DEA warns of Mexican cartels putting fentanyl in candy to sell to kids

FILE PHOTO (Youtube)

Culiacán, SINALOA — The US Drug Enforcement Administration and police departments across the United States have been warning about a new cartel strategy to sell fentanyl: pushing “rainbow-colored” fentanyl pills to hook children and young adults.

But operatives in the Sinaloa Cartel, the Mexican criminal organization behind the biggest shipments of fentanyl to the US, told Insider their intention is actually the opposite.

US authorities began their campaign several months before Halloween, warning of alleged attempts by Mexican drug cartels to entice kids into drugs by selling rainbow-colored fentanyl pills and adding fentanyl to Halloween candies.

In a statement published on August 30, DEA administrator Anne Milgram warned the public of “an alarming emerging trend of colorful fentanyl available across the United States.”

“Rainbow fentanyl — fentanyl pills and powder that come in a variety of bright colors, shapes, and sizes — is a deliberate effort by drug traffickers to drive addiction amongst kids and young adults,” Milgram said.

DEA rainbow fentanyl
Rainbow fentanyl in a plastic bag.Multnomah County Sheriff via DEA

News stories and broadcasts began showing photos and videos of rainbow-colored pills and powder from seizures across the country. The reports described large quantities of colorful pills and cautioned parents to be on the lookout for them or things like them in their children’s candy.

A cartel operative and a cook involved in the manufacture and shipment of fentanyl from Mexico told Insider that their intention was “actually the opposite” of what Milgram described.

The coloring “is to make it look different than coke or white heroin,” the fentanyl cook, speaking on the condition of anonymity, told Insider.

In 2021 alone, more than 100,000 people in the US died from fentanyl overdoses. Most were accidental deaths after using a substance like cocaine, heroin, or fake Percocet pills that had been laced with the powerful opioid.

“We know that some of the dealers in the US started mixing cocaine with ‘fenta’ without letting their buyers know, and that is very dangerous,” the operative said.

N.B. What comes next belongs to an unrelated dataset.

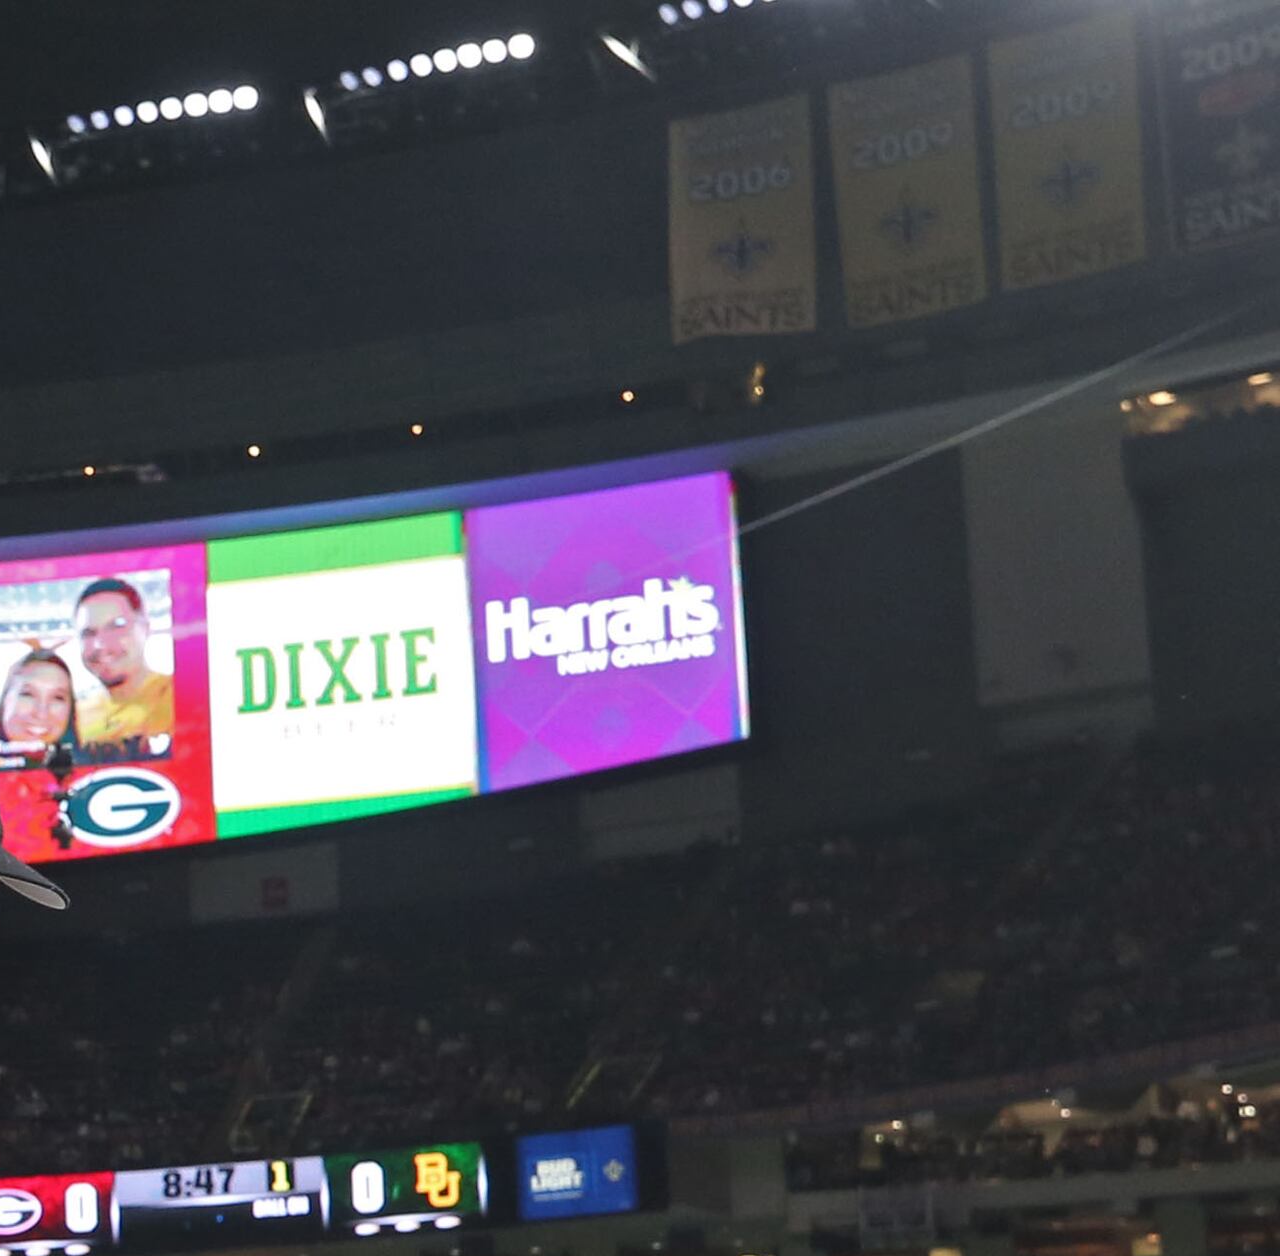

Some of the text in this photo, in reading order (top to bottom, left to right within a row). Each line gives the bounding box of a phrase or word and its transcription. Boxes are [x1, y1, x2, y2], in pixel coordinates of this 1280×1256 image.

[237, 627, 438, 714] DIXIE
[162, 1160, 291, 1199] 8:47 1

“Also we mix some of the heroin with fentanyl to make it more powerful, but we mark it, to let the buyer know that this one has ‘fenta,'” he added. “Whatever happens when it’s taken from our hands, it’s not our problem.”

A drug lab in Sinaloa, Mexico.
A Sinaloa state police officer dismantles a clandestine lab producing synthetic drugs, mainly meth, in Sinaloa state in June 2019. Rashide Frias/AFP via Getty Images

The cook with the Sinaloa Cartel said that by adding food coloring to pure fentanyl, it would be impossible for dealers in the US to mix it with something else without the final user noticing.

“We get all the blame for the deaths, but we send a clean product, pure quality ‘fenta,’ or if its blow, just blow,” he said. “If we are adding ‘fenta’ to the heroin, we are very clear that our batch has ‘fenta’ in it.”

Despite the scare, a Washington Post review of news reports from mid-August to late October found only one case of accidental ingestion of “rainbow fentanyl” by a 2-year-old.

On November 17, however, the US Treasury Department announced sanctions against members of La Nueva Familia Michoacana, another Mexican criminal group, and accused it of marketing ‘rainbow fentanyl’ in “a deliberate effort to drive addiction amongst kids and young adults.”

The Sinaloa Cartel operative denied that his organization is targeting kids or young adults in the US as their final users.

“Why would we want to make kids addicts? What good would that do to us?” the cook said. “We want to sell what the people are asking for in the US, but not to kids or people who do not want to take drugs.”